Our objective is to review the current available scientific information on aboveground carbon stock trajectories through time after logging and fire degradation in tropical forests. We focus on the dynamics of biomass loss and recovery after a specific type of degradation occurs. That way, we hope to inform REDD+ policy discussions and country-level decisions on whether to invest on monitoring and prevention of forest degradation.


The IPCC (2003) recommends two different approaches to calculating emissions: the stock-difference method and the gain-loss method. The former builds on traditional forest inventories to estimate sequestration or emissions, while the latter builds on an understanding of forest dynamics, incorporating carbon accumulation through forest recovery and regeneration. The stock-difference method measures the actual stock of biomass at the beginning and end of the accounting period. The gain-loss method estimates biomass as the net balance of additions to and removals from a carbon pool, i.e. the balance between growth and loss from harvesting, decomposition, or burning [27]. The latter is much more difficult to quantify given that it is dependent on estimating tree increment and ingrowth of new stems. Here, we report on studies that mostly provide stock-difference estimates.

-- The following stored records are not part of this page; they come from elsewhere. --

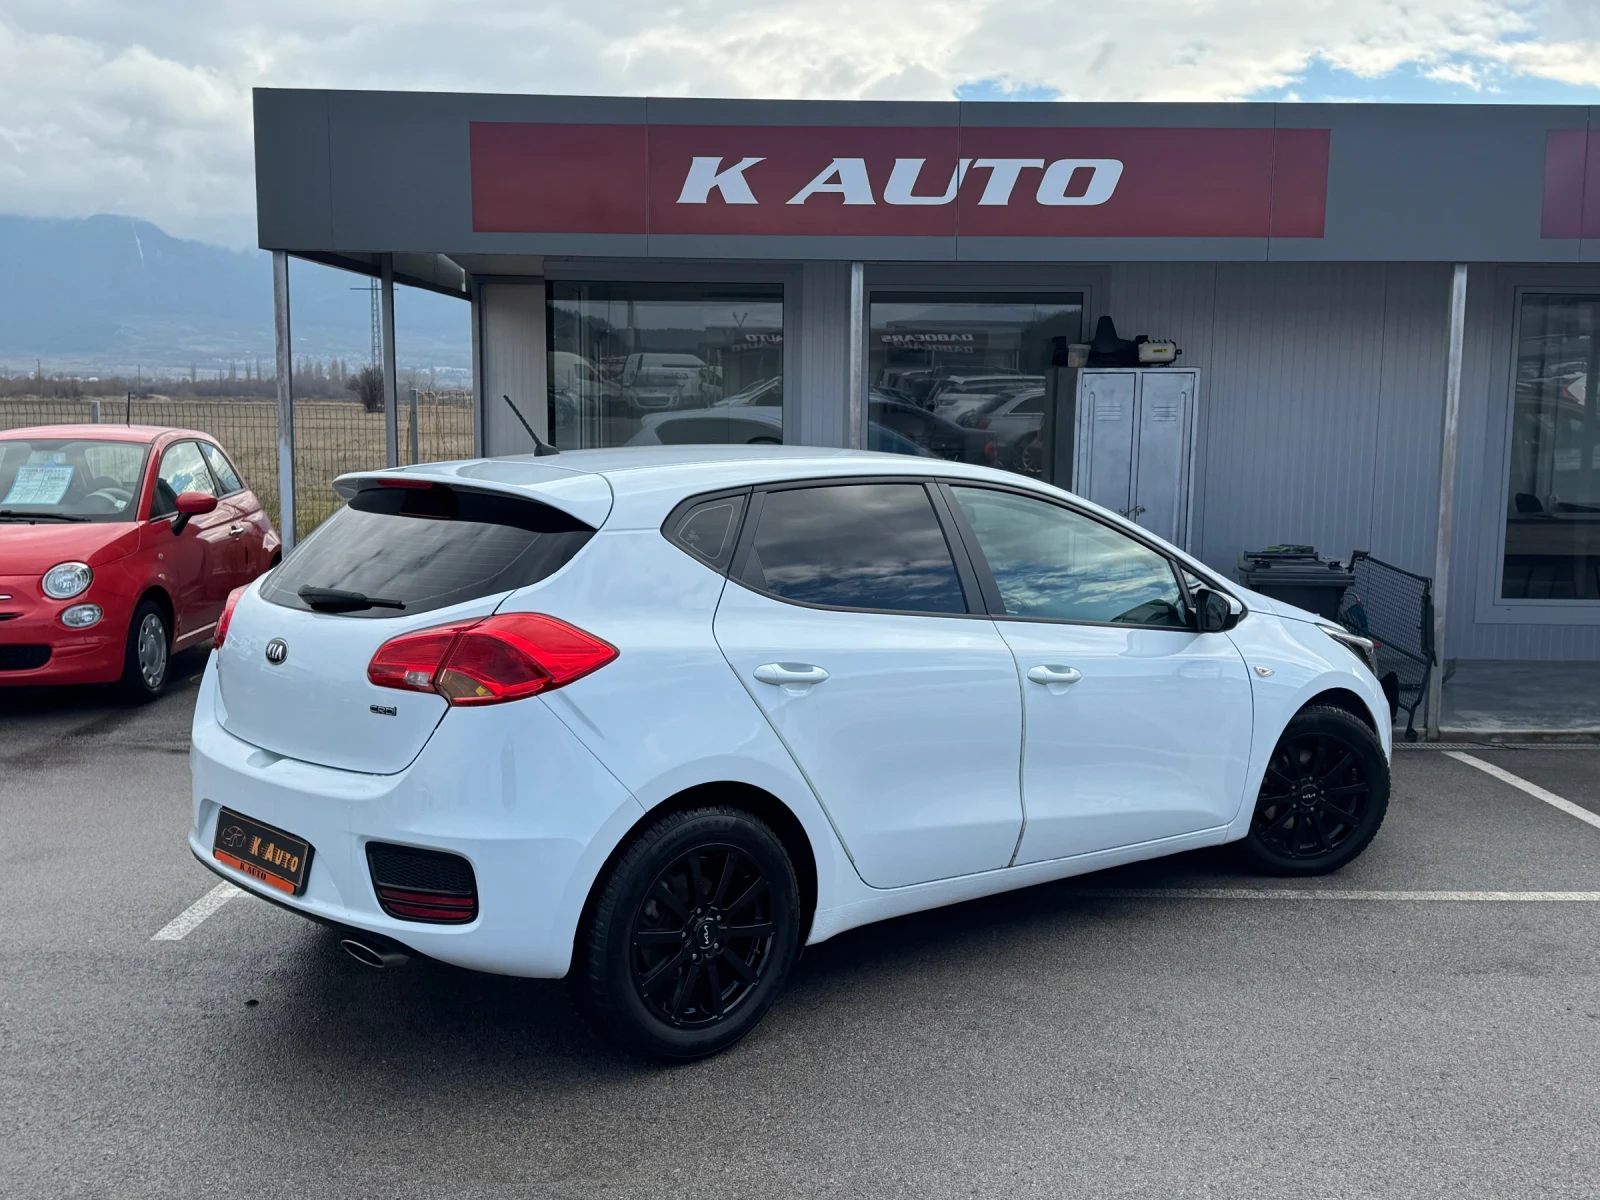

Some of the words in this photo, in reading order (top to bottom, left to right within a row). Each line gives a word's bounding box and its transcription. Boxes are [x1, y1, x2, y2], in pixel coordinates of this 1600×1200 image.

[675, 156, 768, 204] K
[785, 157, 1124, 206] AUTO
[267, 643, 283, 660] KIA
[250, 835, 262, 857] K
[264, 843, 299, 873] AUTO
[239, 862, 246, 872] K
[246, 866, 267, 881] AUTO

Literature survey and calculation descriptions

For our meta-analyses, we identified case studies and reviews on depletion of carbon stocks in tropical rainforests due to logging activities and fire disturbance. For a consistent analysis on aboveground carbon stock trajectories, all standing carbon or emission data used in our review necessarily contains an estimation of time since disturbance, and comparison with pre-disturbance or control forest. Using the search terms “redd”, “degradation”, “fire”, and “logging” in search engines Web of Science and Google Scholar, and following cited references within the studies, we compiled data from 54 published papers that matched our requirements. We limited our search to surveys on closed canopy forest, but did not distinguish among subtypes of forest (e.g. montane, peatland, transitional). We used data from both remote sensing or in situ field-based measurements on aboveground biomass. Many studies could not be included in our analyses for not having a clear ‘time since disturbance’ estimate [28, 29], a well-defined type of degradation [3032], or baseline values [8, 33]. Additionally, remote-sensing studies covering areas in a regional or continental scale were not included [34]. Out of the 54 studies used in our review, 24 were field-based and mostly concentrated on South America and Southeast Asia (Fig. 1). As several studies report carbon and biomass in different ways, we standardized the carbon emission data by converting it to MgC/ha when necessary. For most studies, carbon emission was calculated as the difference between the standing biomass or carbon (assumed to be half of total biomass) in the degraded area and in an intact control forest. We also calculated the percentage of emitted carbon relative to intact standing carbon in aboveground biomass. If reported, we calculated minimum, maximum and average carbon emissions in MgC/ha. Whenever available, we recorded time between the degradation and carbon/biomass assessment, forest type, and total area encompassed by the study. For studies using stem diameter as a proxy for standing biomass, we used only the data of stems DBH > 10 cm whenever reported separately. Trajectories of percent aboveground carbon along years since degradation were plotted using default loess smoothing, with visual selection of span value, in package ggplot2 for R [35].
Fig. 1

Field-based studies on carbon emission or reduction from logging (blue dots) and fire degradation (red dots) in closed canopy tropical forest (dark green)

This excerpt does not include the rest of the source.